There are generational lanes, who is a fresh face for the party? Who represents a new and compelling voice who could appeal to younger voters or voters who have been turned off by the previous pillars of the Democratic establishment, such as the last nominee?

And then there are also demographic lanes in a party that it think is more conscious than ever of diversity and who's base is more diverse than ever. There are a lot of Democrats who would like to see an African American woman or just something other than the same old white men on top of the ticket. And so, I think there's -- there are a lot of potential openings for Stacey Abrams, but I think the most -- the biggest opening for her is just that she's a very compelling candidate.

SCIUTTO: Errol, before we go, just quickly, you see what -- the way the president is going to approach this race. I mean, dismissing Democrats as socialists, et cetera, are Democrats giving them an open to do that by some of the candidates, but also some of the standard barriers in the party setting out some far left positions, whether it be on taxes, Green New Deal, et cetera. Are they giving him an opening to follow that attack line?

LOUIS: Sure. They've got a real challenge -- the Democrats, we saw this in the Town Hall meeting just the other night on CNN, they have to play to the activist Democratic base that's going to really determine who wins the primaries and the caucuses and those folks want to hear a lot of stuff.

They want to hear about a guaranteed income, they want hear about a Green New Deal, which is defined five or six different ways. They want to hear about withdrawing all troops from all kinds of theaters overseas where the United States has longstanding military and diplomatic commitments.

It's not going to be so easy if you decide to sort of say yes to a bunch of those different ideas to then dial it back when it's time for the general election. It's a tight rope that every Democratic candidate is going to have to walk.

SCIUTTO: Errol Louis, Molly Ball, thanks very much. Coming up next week, Senator Elizabeth Warren, another candidate taking part in another CNN Town Hall, this time with Jake Tapper live from Jackson, Mississippi. It will air Monday night, 9:00 o'clock Eastern time, only here on CNN. These are must watch events.

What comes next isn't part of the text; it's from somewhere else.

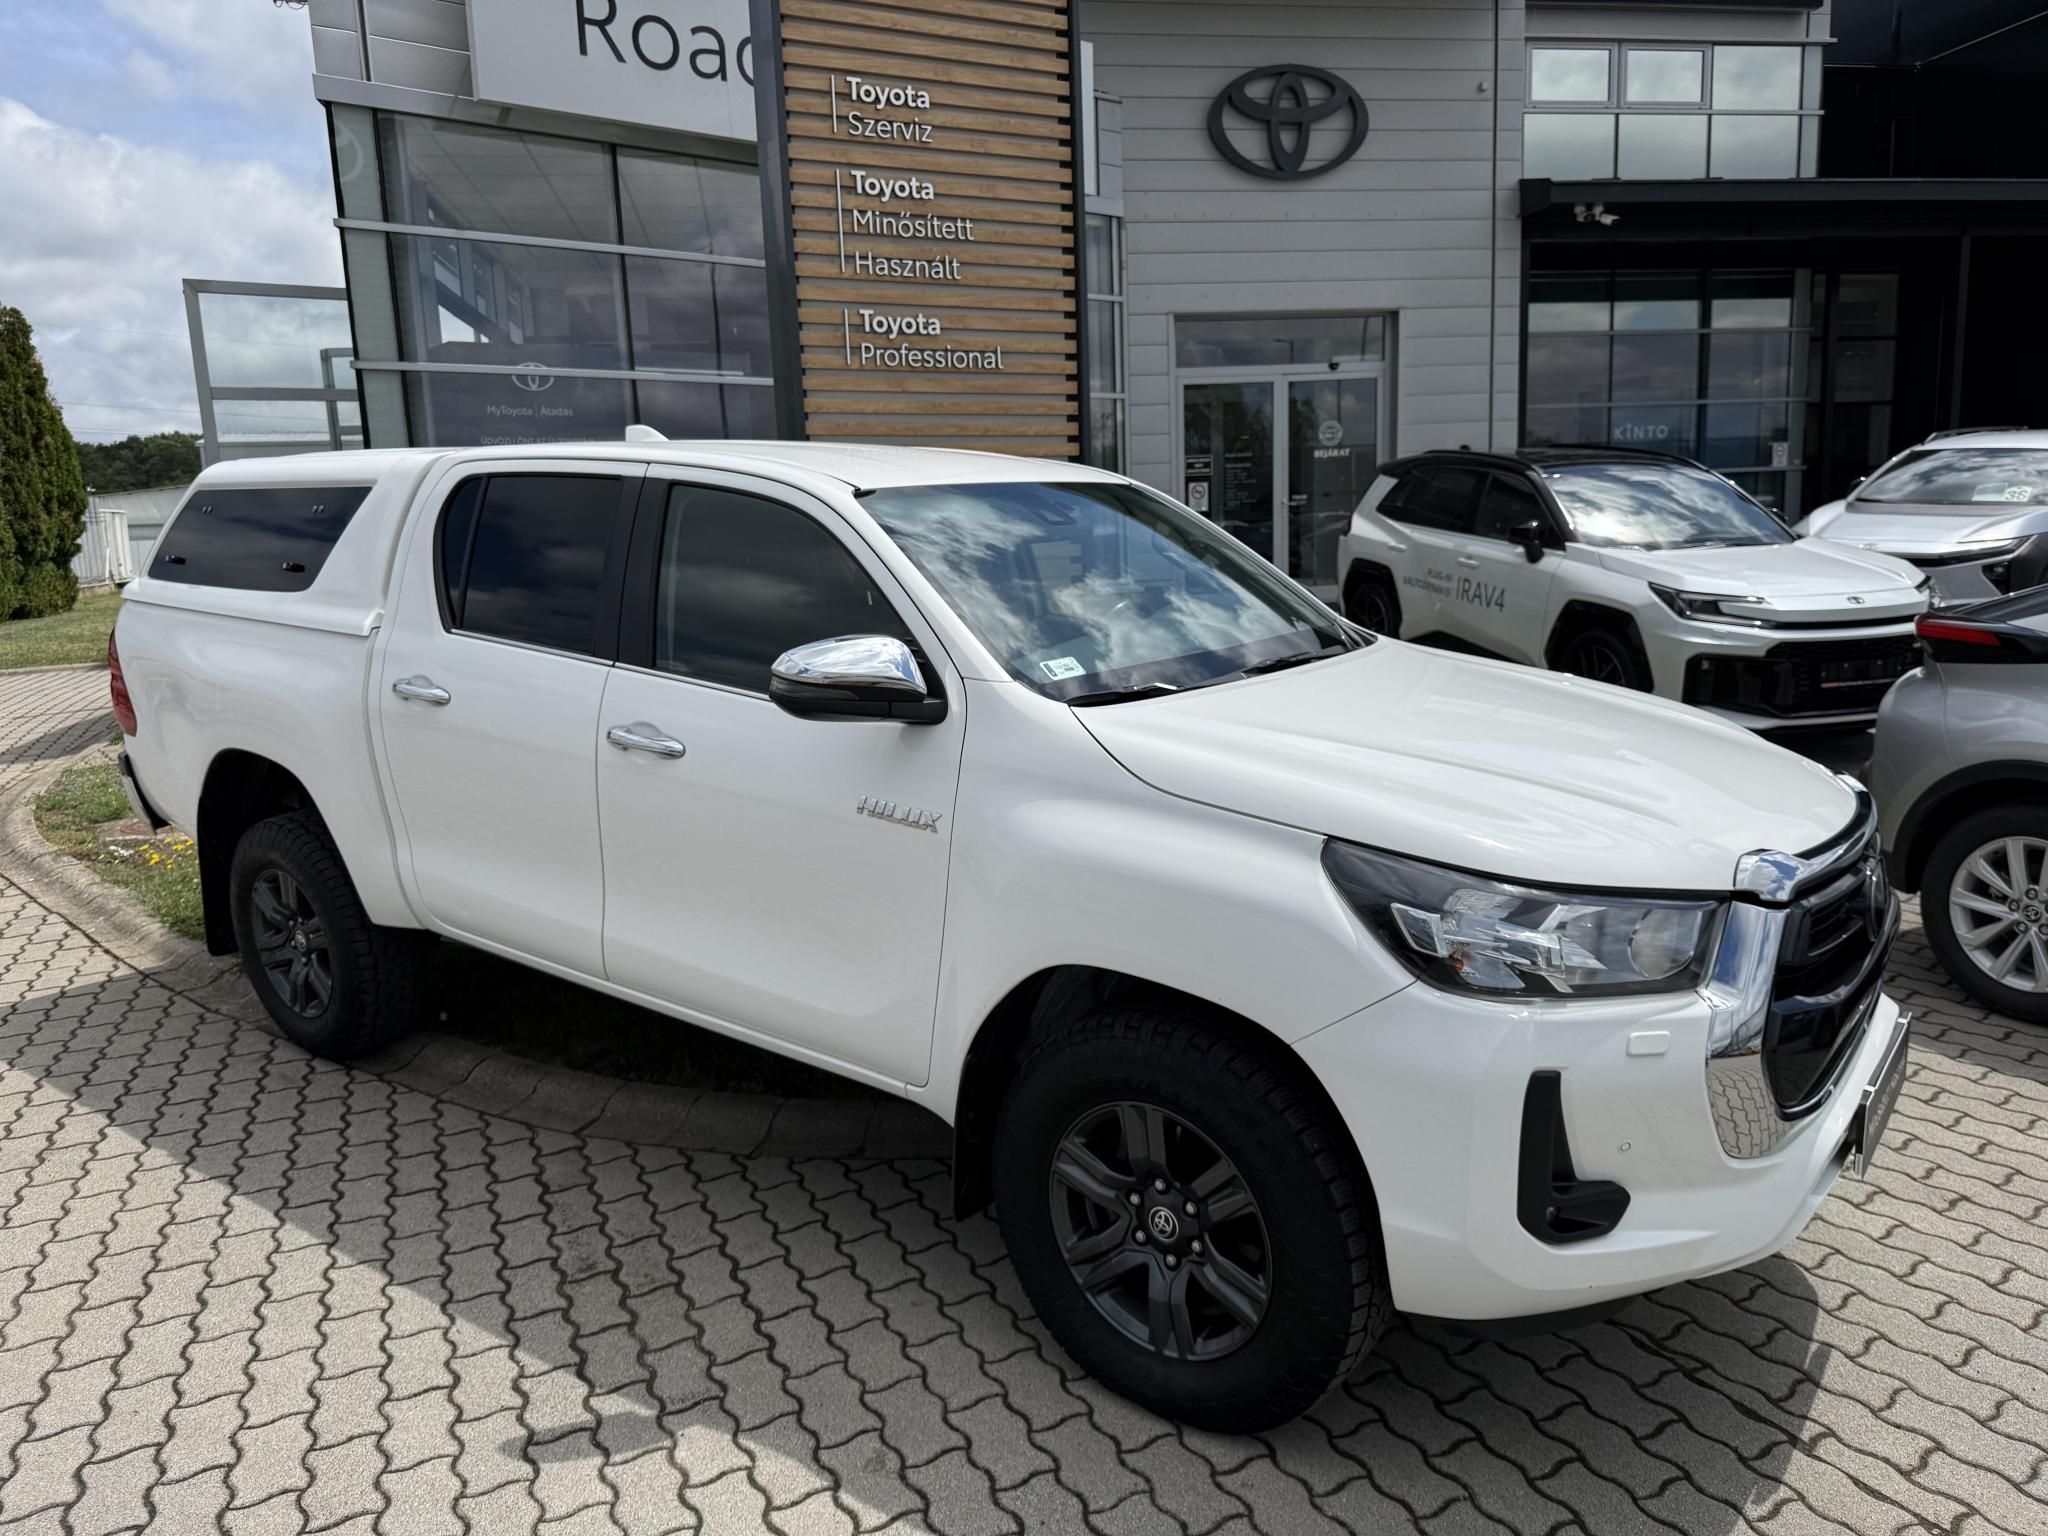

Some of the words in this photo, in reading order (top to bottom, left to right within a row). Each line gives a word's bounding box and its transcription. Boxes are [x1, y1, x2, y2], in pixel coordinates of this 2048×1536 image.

HARLOW: Yes. All right, looking forward to that. Meantime, back to the tragic news about that downed airline, pilots and flight attendants now voicing publically their concerns about the safety of Boeing 737 MAX 8 jet after these two deadly crashes in just five months. Will U.S. airlines ground those planes until they have more answers?

SCIUTTO: Yes, you've got to wonder what you and I should do....

HARLOW: Right.

[09:25:00]

SCIUTTO: ... if we're flying on one of these planes. And we are moments away from the opening bell on Wall Street. Dow expected to rise when trading begins there. Investors will be paying attention to a key Brexit vote set for later this afternoon. We're going to be watching that as well.

(COMMERCIAL BREAK)

SCUITTO: Two crashes, five months, the very same new jet. In the wake of Sunday's deadly crash of a Boeing 737 MAX 8 in Ethiopia, would you, should you get into one of these planes now?

HARLOW: It's a really important question. Pilot and flight attendant unions are raising major concerns this morning about whether lives are being put at risk in this country.